**TASK GOAL:** Every record below must be returned word for word, with the pictures left out.

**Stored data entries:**
+--

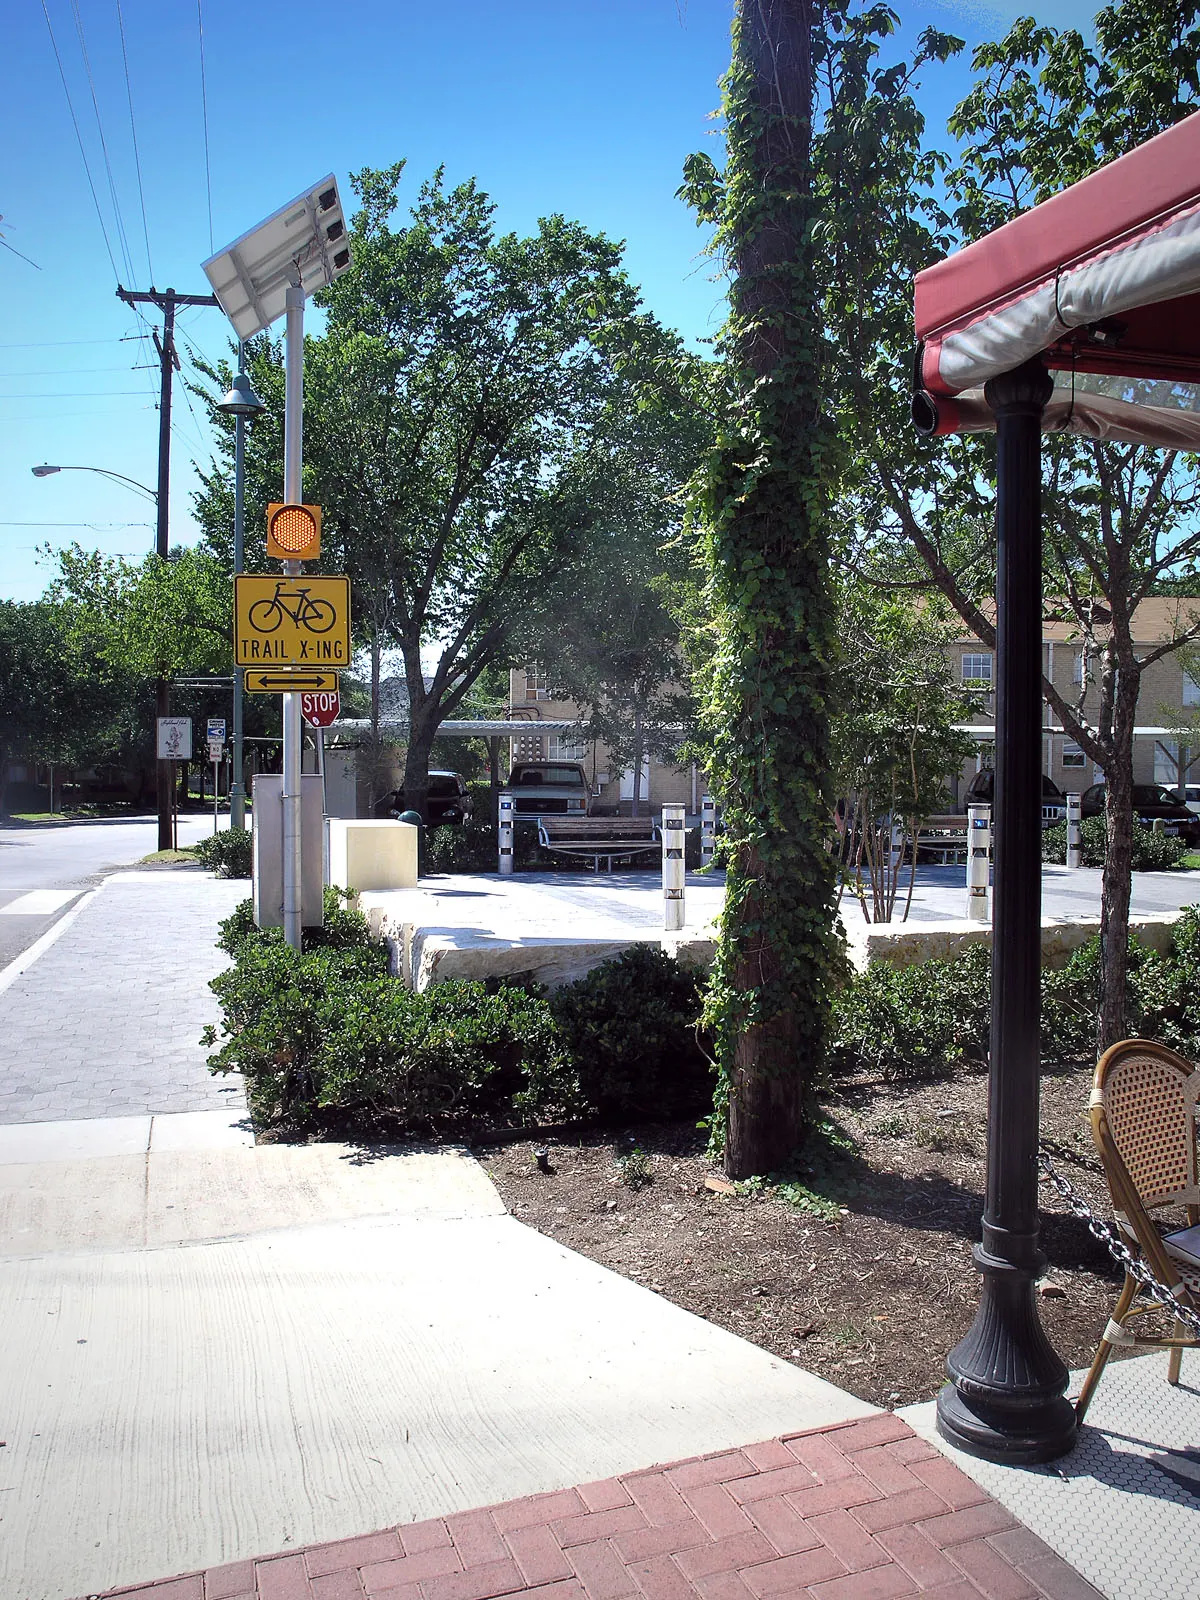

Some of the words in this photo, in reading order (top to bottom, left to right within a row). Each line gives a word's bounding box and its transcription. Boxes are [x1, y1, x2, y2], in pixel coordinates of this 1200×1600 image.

[241, 640, 289, 659] TRAIL
[300, 640, 343, 659] X-ING
[303, 693, 337, 713] STOP
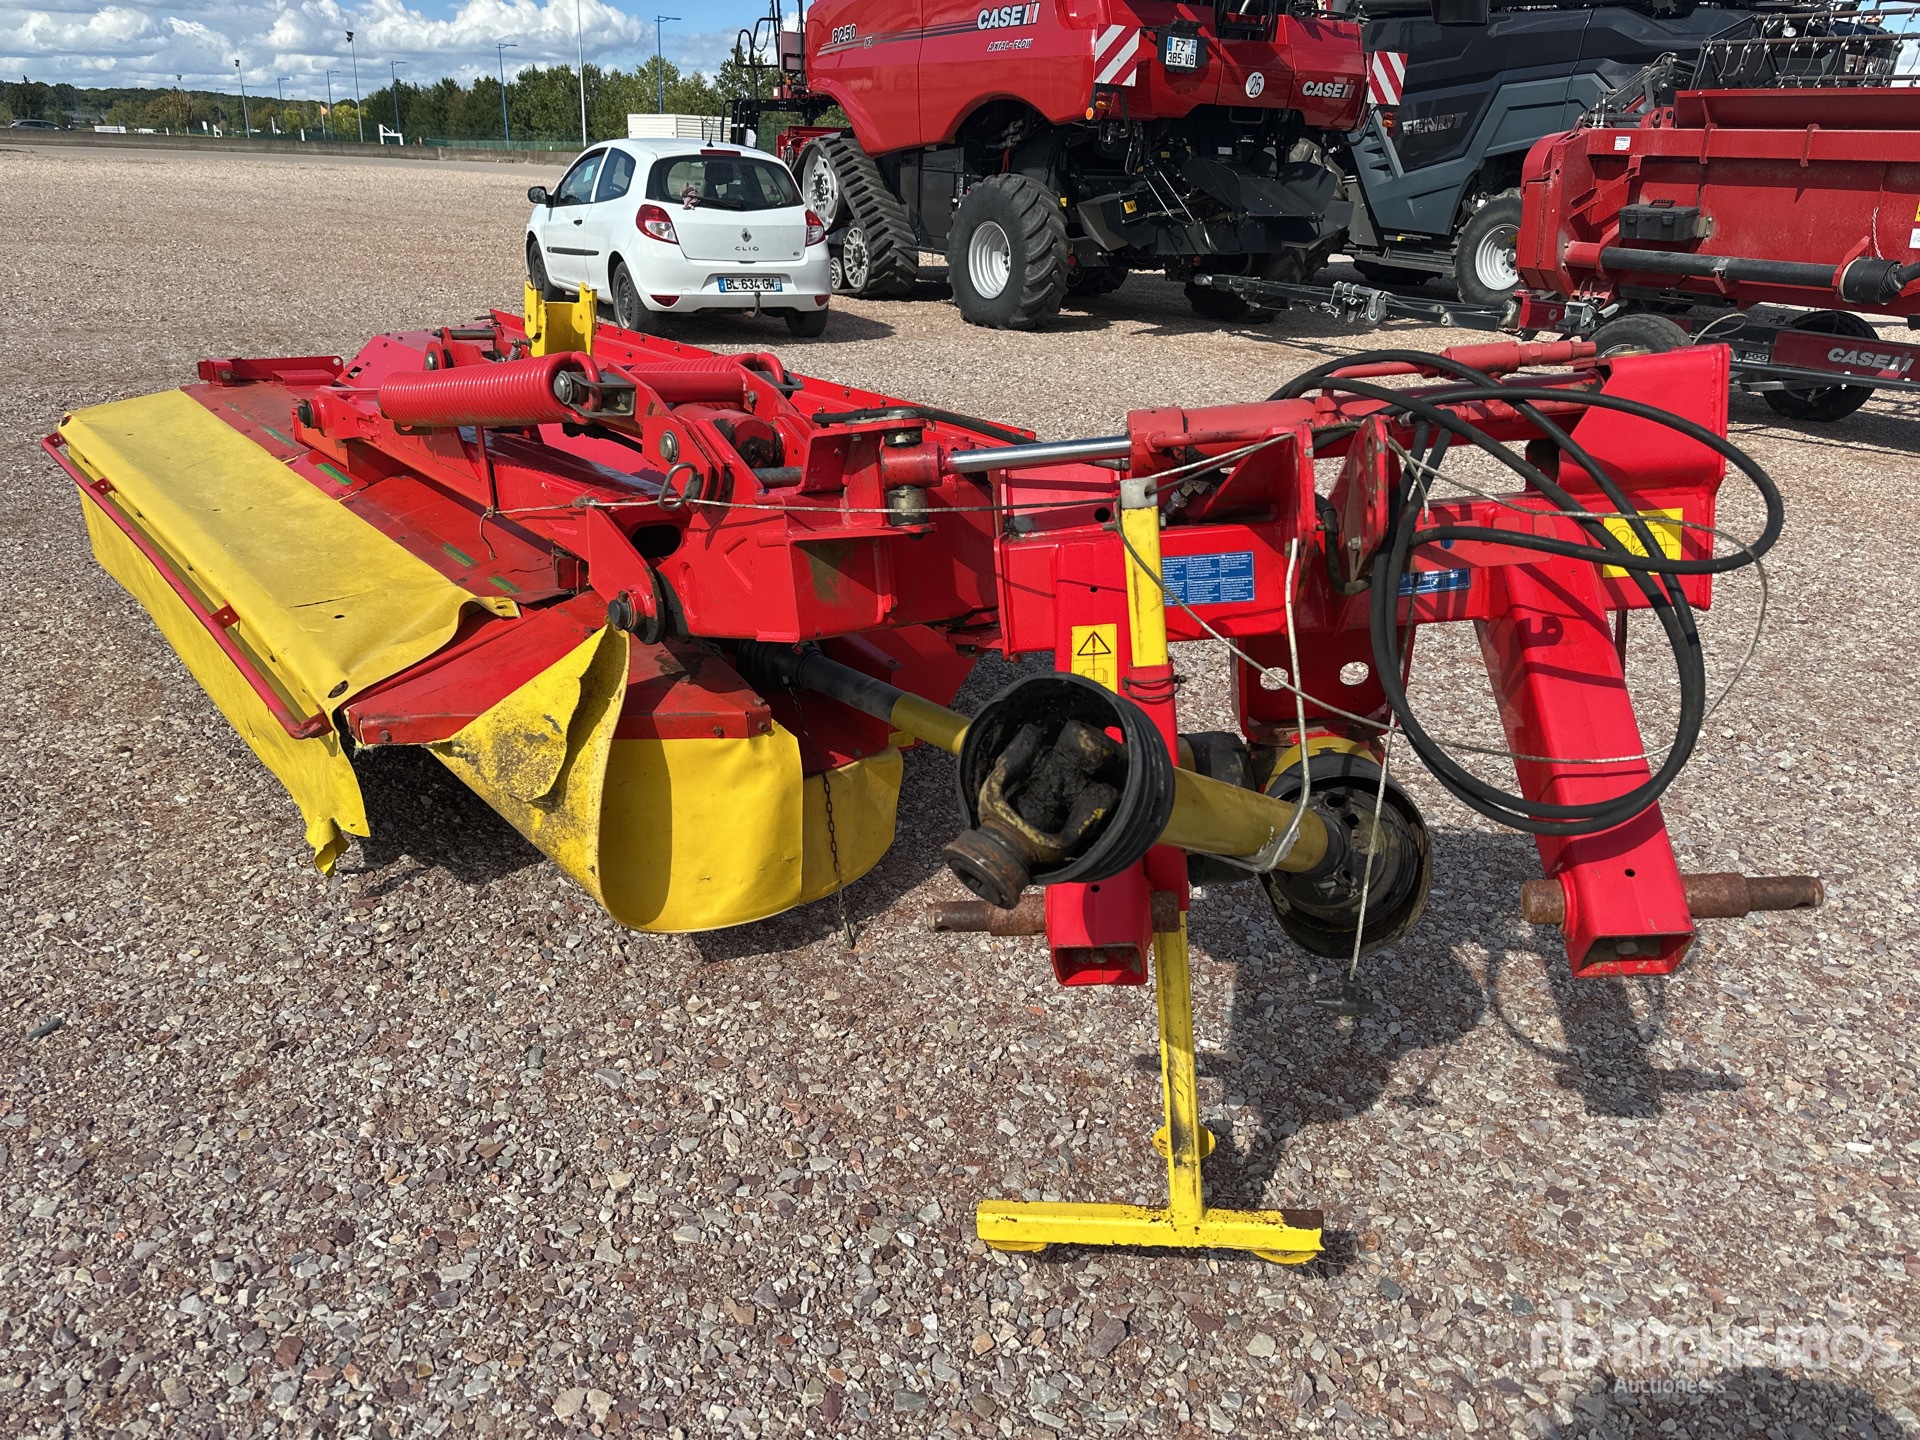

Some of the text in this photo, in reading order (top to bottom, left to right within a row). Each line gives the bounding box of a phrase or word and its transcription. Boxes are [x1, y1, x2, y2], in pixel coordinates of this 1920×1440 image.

+--

**ANSWER FOR THE TASK:**
Some of the words in this photo, in reading order (top to bottom, left to right within a row). Each line gives a word's bounding box and its transcription. Boxes are [x1, y1, x2, y2], in pixel coordinates of this 1200×1600 image.

[241, 640, 289, 659] TRAIL
[300, 640, 343, 659] X-ING
[303, 693, 337, 713] STOP

Some of the text in this photo, in reading order (top to bottom, left to right within a row). Each line gives the bounding box of a phrase or word and its transcription. Boxes are [x1, y1, x2, y2], in pixel coordinates of this 1920×1440 image.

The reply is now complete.